* **Work instructions**:
Each record must be copied in full and unchanged; any image it holds is excluded.

* **Material for this task**:
Content starts
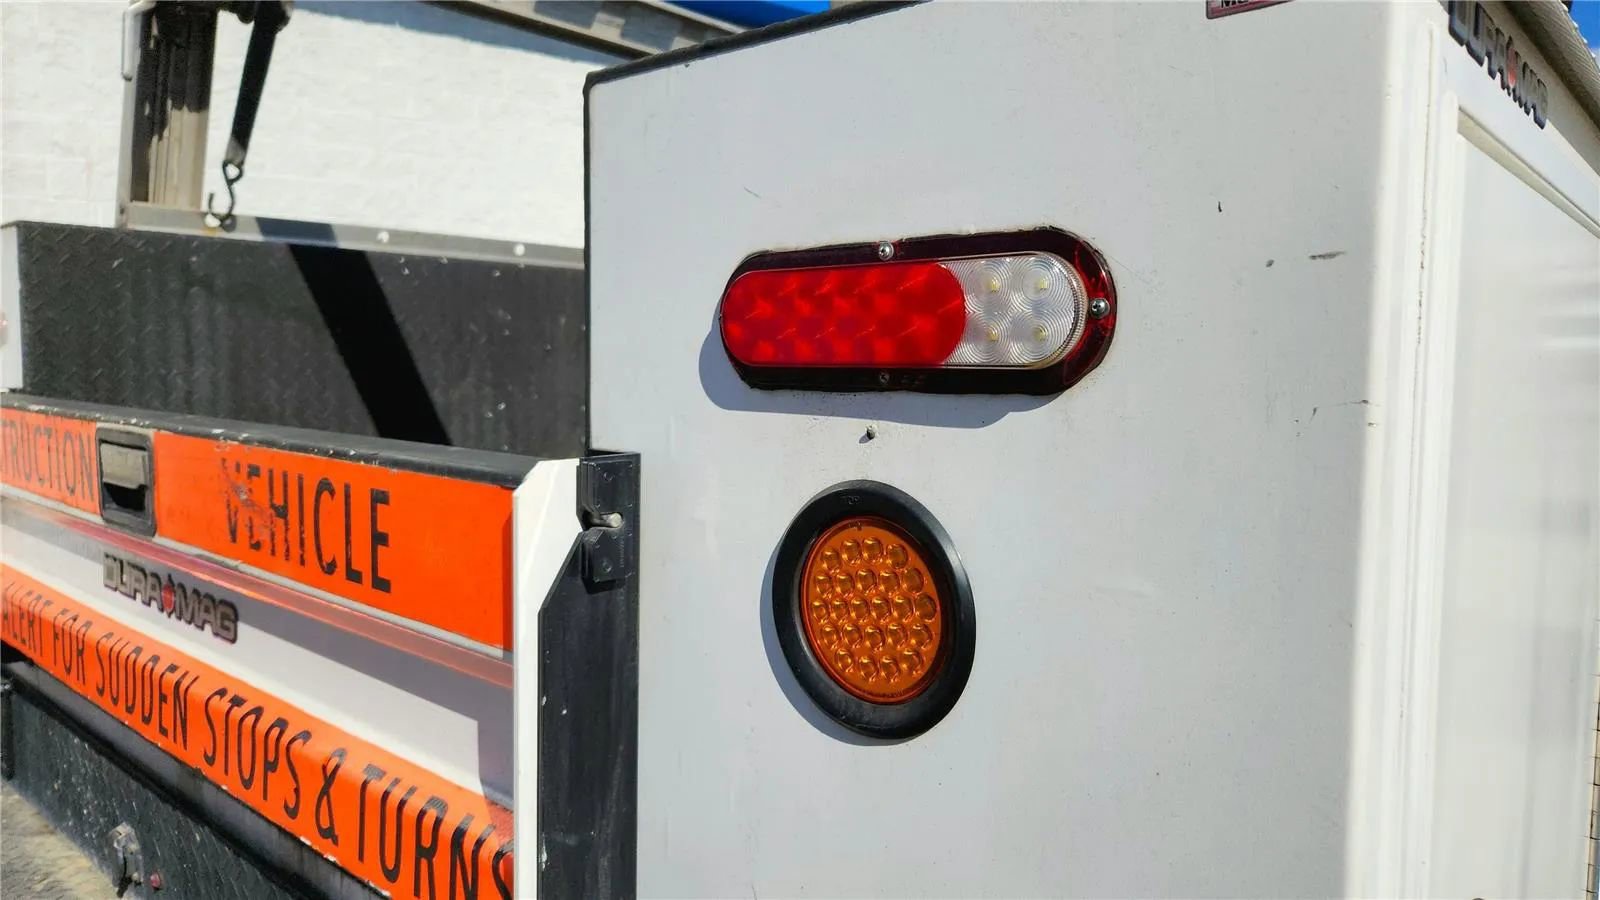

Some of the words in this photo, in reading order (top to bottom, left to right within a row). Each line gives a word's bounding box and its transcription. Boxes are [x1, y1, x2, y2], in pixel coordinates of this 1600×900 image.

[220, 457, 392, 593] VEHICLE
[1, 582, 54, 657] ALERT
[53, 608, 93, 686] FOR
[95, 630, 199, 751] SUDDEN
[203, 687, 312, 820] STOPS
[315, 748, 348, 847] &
Content ends
* **Answer section**:
Some of the words in this photo, in reading order (top to bottom, left to right within a row). Each line gives a word's bounding box and its transcription. Boxes are [x1, y1, x2, y2], in pixel coordinates of this 1600×900 image.

[220, 457, 392, 593] VEHICLE
[1, 582, 54, 657] ALERT
[53, 608, 93, 686] FOR
[95, 630, 199, 751] SUDDEN
[203, 687, 312, 820] STOPS
[315, 748, 348, 847] &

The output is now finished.